Vous en aurez lu les réponses, qui ont également été publiées.
Le télégramme dû au Roi Victor Emmanuel III a fait naître un petit incident sur
lequel il nous paraît indispensable de vous renseigner exactement.
Ce télégramme est arrivé le 15 au soir au domicile de M. Motta, au moment où il
se trouvait à une réunion de la paroisse catholique de Berne. Il en fut aussitôt avisé
par téléphone et exprima aux personnes au milieu desquelles il se trouvait, parmi
lesquelles figuraient Mgr Bernardini et M. Tamaro, combien il était sensible à l’attention du Roi d’Italie. Au cours de la conversation qui s’ensuivit, l’idée fut émise
qu’il serait probablement difficile de répondre à ce télégramme sans l’adresser au
Roi d’Italie et Empereur d’Ethiopie. M. Motta déclara qu’il se résoudrait à faire
usage de ces titres plutôt que de manquer à la courtoisie.

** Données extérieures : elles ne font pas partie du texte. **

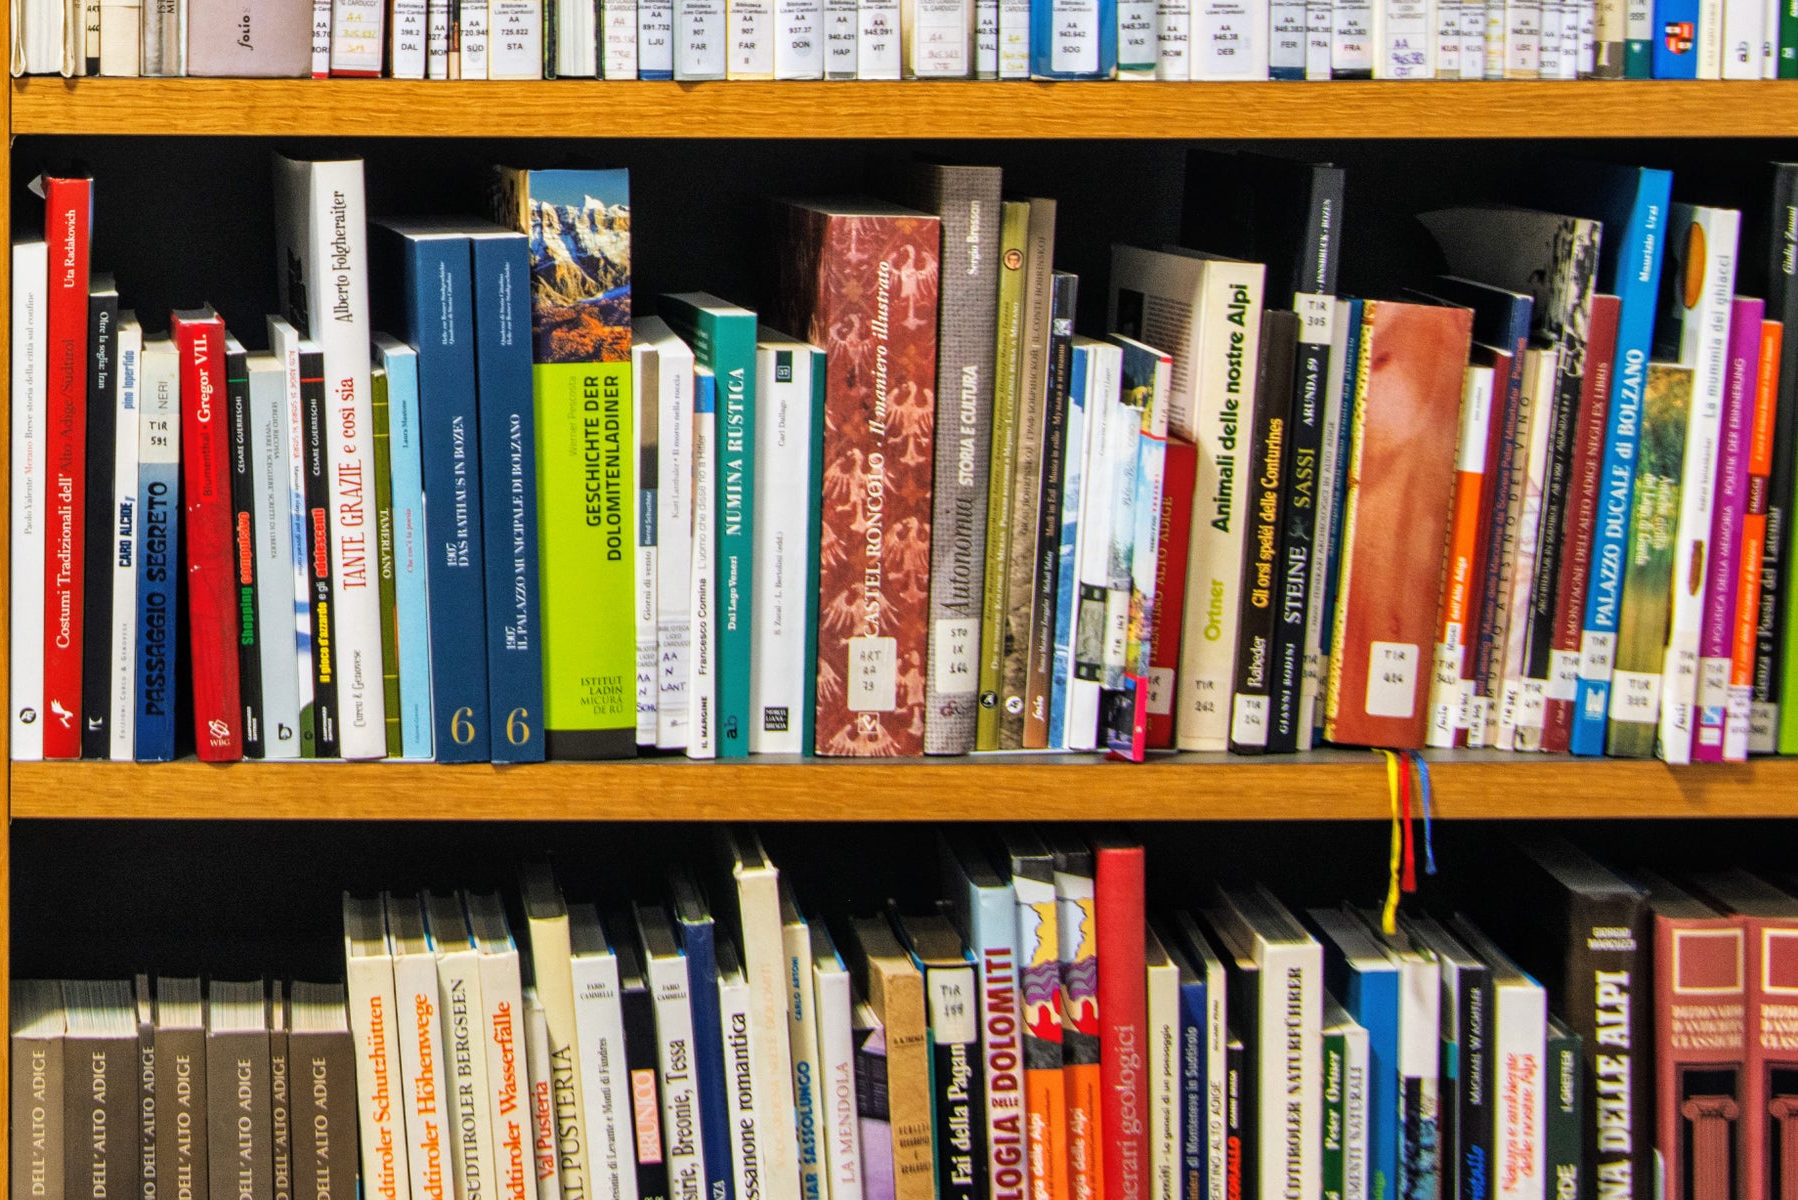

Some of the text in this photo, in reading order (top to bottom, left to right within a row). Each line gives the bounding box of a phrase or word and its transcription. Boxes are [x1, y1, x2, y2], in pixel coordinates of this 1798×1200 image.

[237, 15, 253, 50] folio
[193, 334, 213, 422] Gregor VII.
[1210, 284, 1250, 532] Animali delle nostre Alpi
[335, 377, 366, 590] TANTE GRAZIE e così sia
[583, 376, 601, 526] GESCHICHTE DER
[604, 375, 621, 560] DOLOMITENLADINER
[724, 368, 744, 534] NUMINA RUSTICA
[1293, 447, 1314, 507] SASSI
[1595, 349, 1644, 627] PALAZZO DUCALE di BOLZANO
[57, 505, 71, 586] Tradizionali
[145, 480, 169, 714] PASSAGGIO SEGRETO
[1284, 547, 1306, 623] STEINE
[56, 590, 70, 648] Costumi
[367, 996, 390, 1122] Schutzhütten
[414, 994, 436, 1114] Höhenwege
[451, 979, 471, 1076] BERGSEEN
[492, 1002, 516, 1115] Wasserfälle
[984, 946, 1018, 1092] DOLOMITI
[1595, 970, 1629, 1154] DELLE ALPI
[666, 1039, 694, 1156] Breonie, Tessa
[1113, 1025, 1142, 1134] geologici
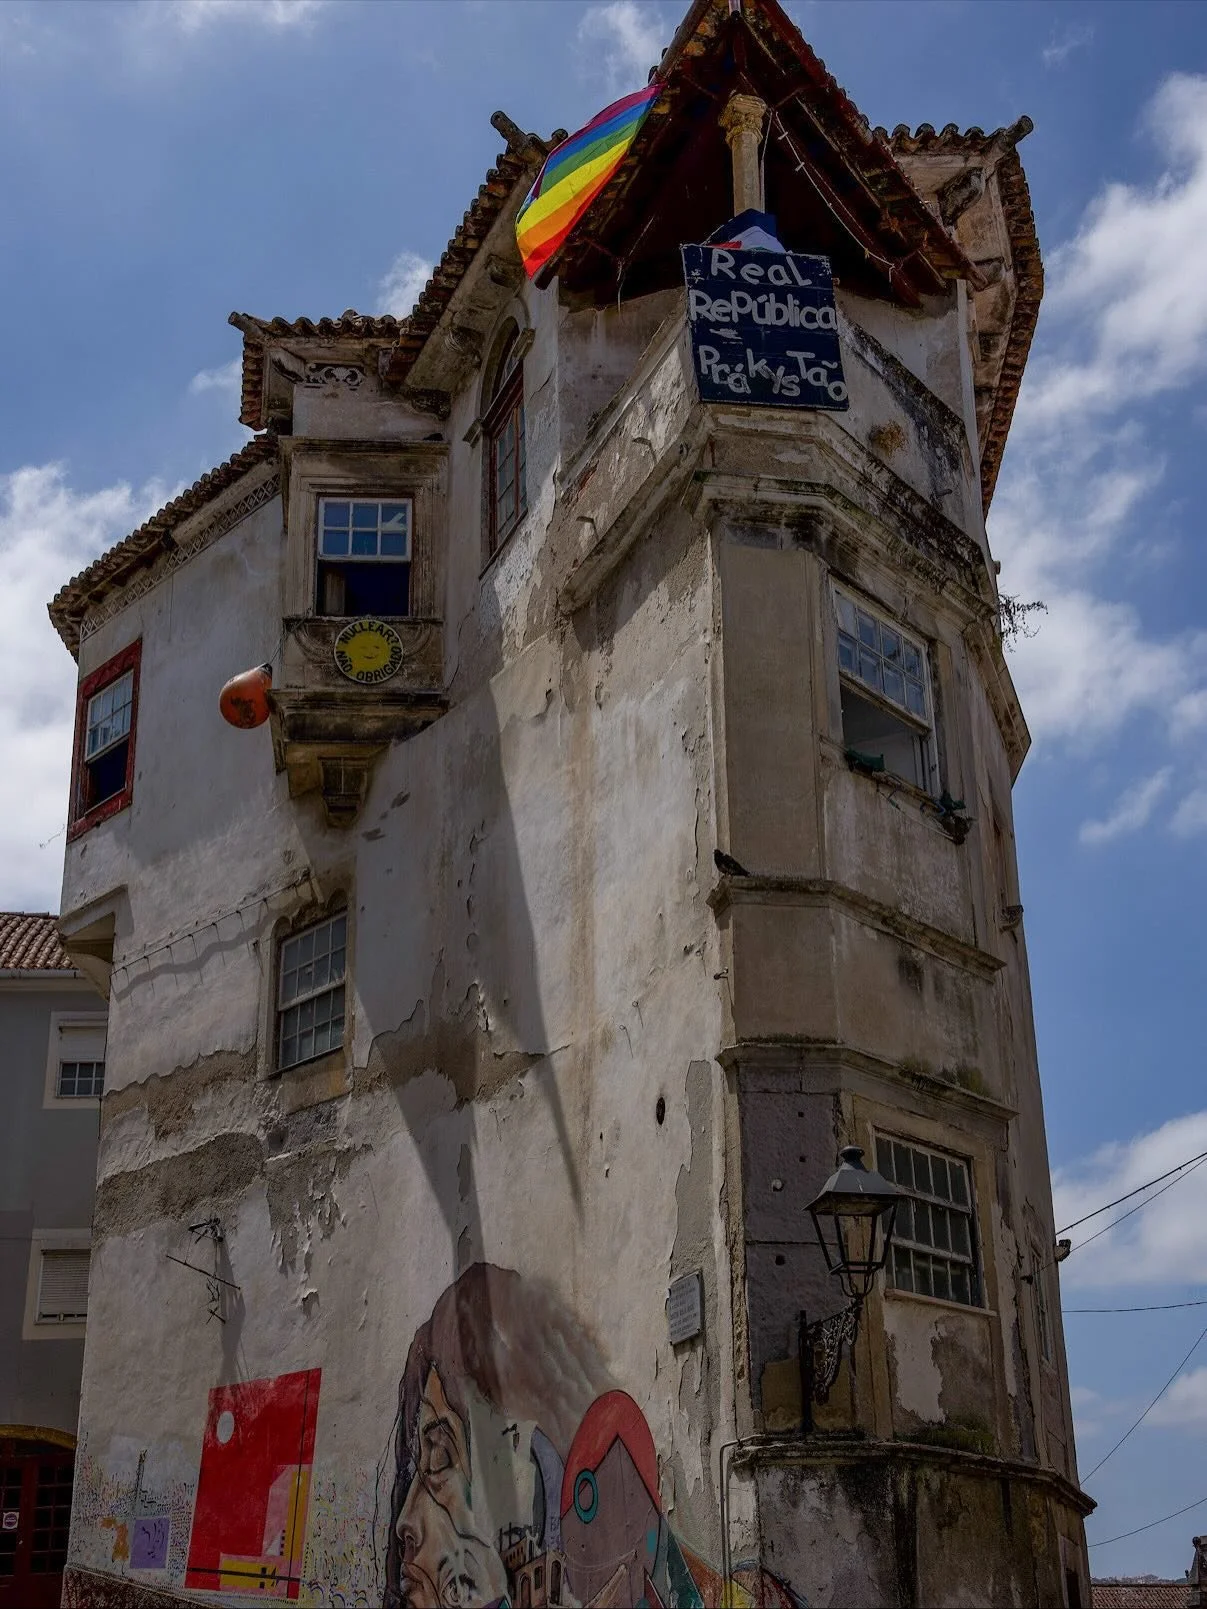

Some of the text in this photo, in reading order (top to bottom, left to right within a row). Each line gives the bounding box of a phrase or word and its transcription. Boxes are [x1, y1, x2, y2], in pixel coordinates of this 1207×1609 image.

[339, 621, 400, 645] NUCLEAR?
[336, 646, 403, 682] NÃO OBRIGADO

Après avoir pris connaissance du télégramme, M. Motta constata qu’il portait
simplement comme signature les mots «Victor Emmanuel» et, un télégramme
adressé au nouveau Roi d’Angleterre3 ayant comme souscription «Sa Majesté
George VI, Londres», et non pas «Sa Majesté le Roi d’Angleterre et d’Irlande,
Empereur des Indes, Défenseur de la foi», il lui parut tout à fait inutile de donner à
sa réponse au Roi Victor Emmanuel III une portée politique dépassant de beaucoup l’acte de courtoisie qu’il s’agissait d’accomplir. Le télégramme dont vous
connaissez le texte a donc été adressé à Sa Majesté Victor Emmanuel III, Rome.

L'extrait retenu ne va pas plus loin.